Tutorial

Image Classification — Fashion-MNIST

End-to-end image classification on real IDX binary data. Covers dataset loading, model definition, training with hardware GPU timestamps, evaluation, predictions, and cross-device portability.

API levelLevel 1 — OaModule + autograd
DatasetFashion-MNIST IDX binary — 60k train / 10k test
Architecture784 → 128 (ReLU) → 10 · 101,770 parameters
OptimizerAdamW (lr=0.001, weight_decay=0.01)
Training2,000 steps × batch 64
Test accuracy83.2% (verified, held-out test set)
GPU throughput244,473 samples/s — RTX 5090 Laptop, hardware timestamps
SourceTutorial/Ml/TutorialMnistClassifier.cpp

1. The Dataset

Fashion-MNIST contains 60,000 training images and 10,000 test images across 10 clothing categories. Each image is a 28×28 grayscale value encoded as raw uint8 (0–255) in IDX binary format. Images stay as raw bytes on the host and are normalized to [0, 1] inside Forward() — eliminating a separate preprocessing step.

IndexLabelIndexLabel
0T-shirt/top5Sandal
1Trouser6Shirt
2Pullover7Sneaker
3Dress8Bag
4Coat9Ankle boot

2. The Model

Two-layer MLP: a hidden dense layer (784→128) with ReLU activation, followed by a logit head (128→10).OaFnMatrix::Scale inside Forward normalizes pixels to [0, 1] on the GPU.

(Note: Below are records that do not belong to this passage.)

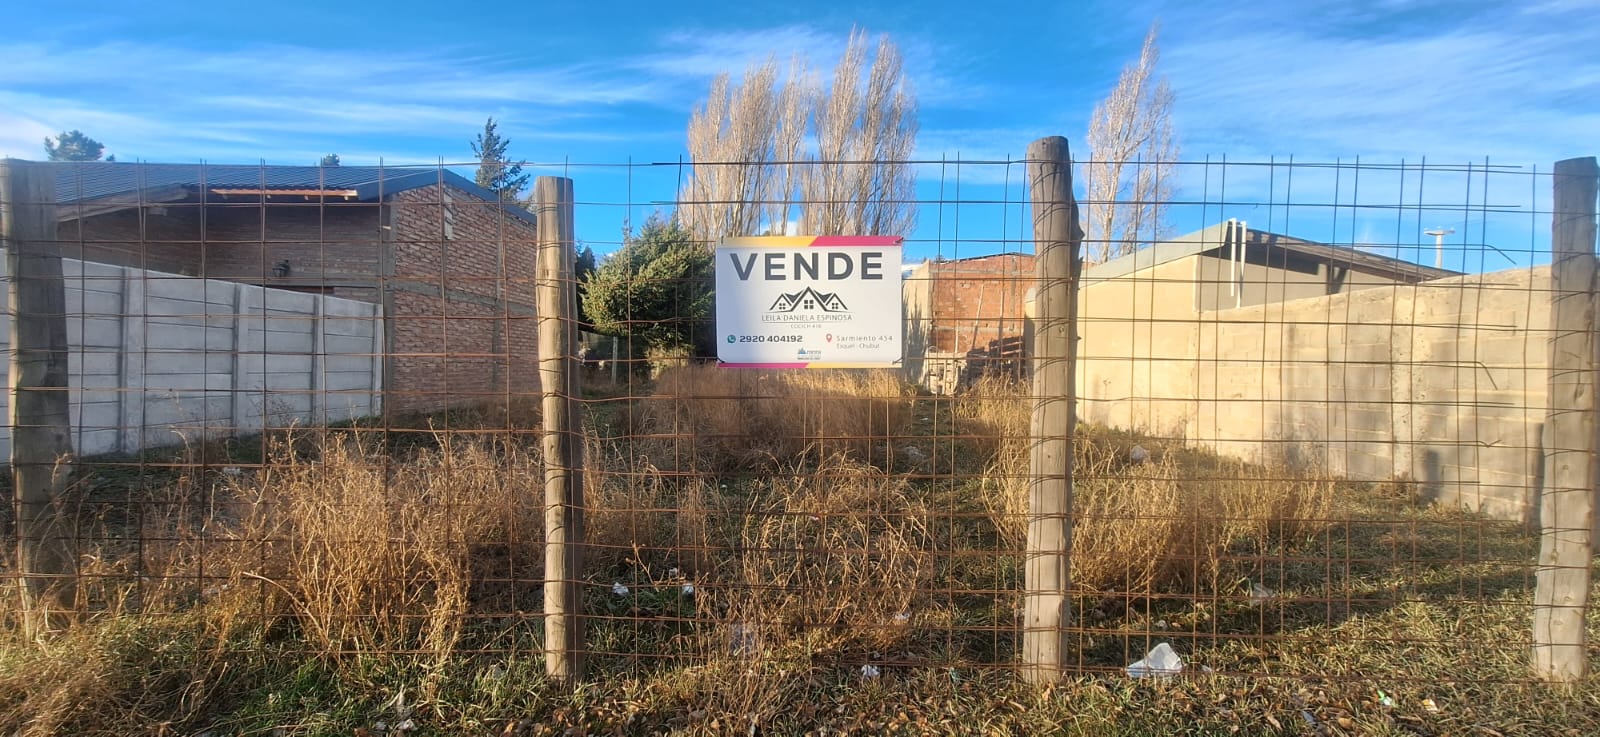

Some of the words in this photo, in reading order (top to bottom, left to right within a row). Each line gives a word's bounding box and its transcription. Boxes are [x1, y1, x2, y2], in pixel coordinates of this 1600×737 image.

[730, 252, 883, 280] VENDE
[739, 335, 765, 343] 2920
[767, 335, 803, 343] 404192
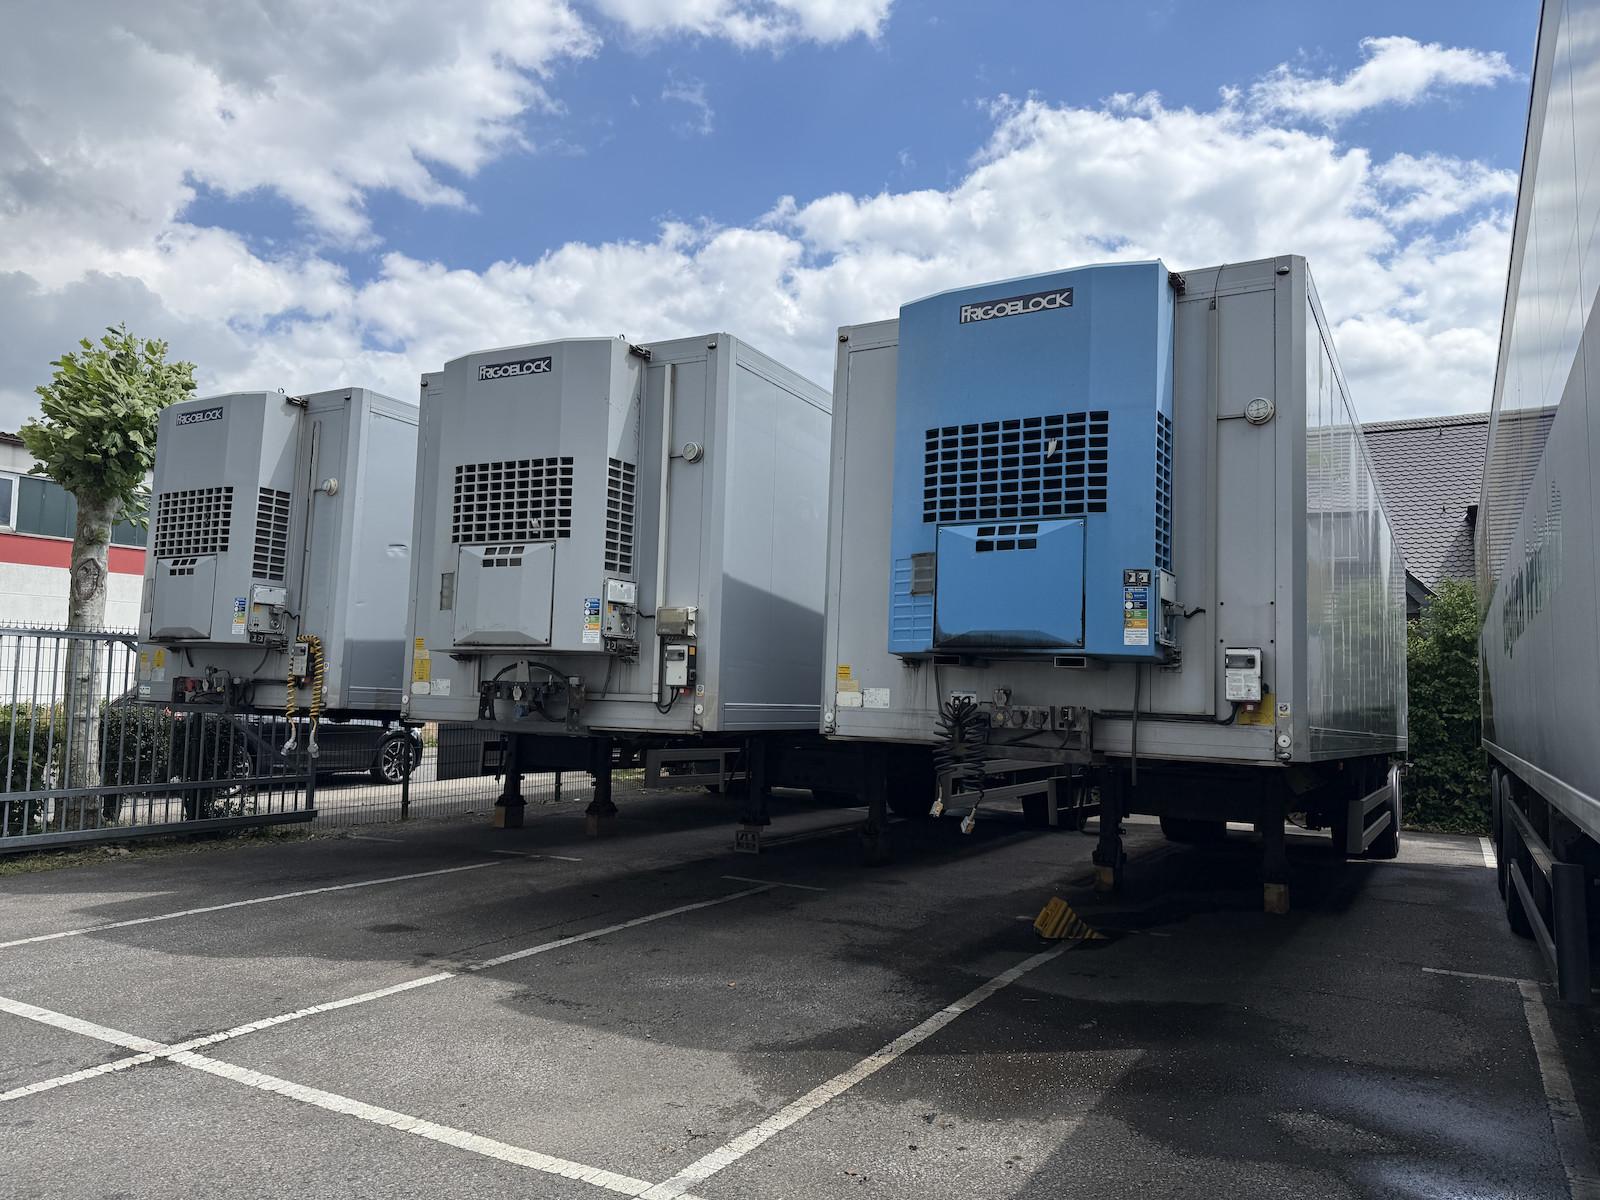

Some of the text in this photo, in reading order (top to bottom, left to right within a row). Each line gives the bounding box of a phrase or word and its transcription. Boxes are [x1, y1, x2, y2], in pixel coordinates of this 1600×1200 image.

[962, 292, 1071, 323] FRIGOBLOCK
[479, 360, 550, 379] FRIGOBLOCK
[177, 409, 222, 425] FRIGOBLOCK

Tutorialmnistclassifier.cpp

class OaMnistClassifier : public OaModule {
public:
OaMnistClassifier() {
Fc1_ = OaMakeSharedPtr<OaLinear>(784, 128);
Fc2_ = OaMakeSharedPtr<OaLinear>(128, 10);
RegisterModule("fc1", Fc1_);
RegisterModule("fc2", Fc2_);
}
OaDeviceMatrix Forward(const OaDeviceMatrix& InX) override {
auto x = OaFnMatrix::Scale(InX, 1.0f / 255.0f); // normalize [0,255] → [0,1]
auto h = OaFnMatrix::Relu(Fc1_->Forward(x));
return Fc2_->Forward(h);
}
private:
OaSharedPtr<OaLinear> Fc1_, Fc2_;
};
Layer                            Output Shape     Params
──────────────────────────────── ──────────────   ───────
input  (Flatten 28×28)          [batch, 784]          0
dense  (784→128 + ReLU)         [batch, 128]    100,480
dense_1 (128→10)                [batch, 10]       1,290
──────────────────────────────── ──────────────   ───────
Total trainable parameters                       101,770

3. Training Loop

OaFnTrain::StepAsync submits the current step to the GPU while the CPU records the next one.OaTrainTimer wraps vkCmdWriteTimestamp2 for sub-microsecond precision — the source of all throughput numbers.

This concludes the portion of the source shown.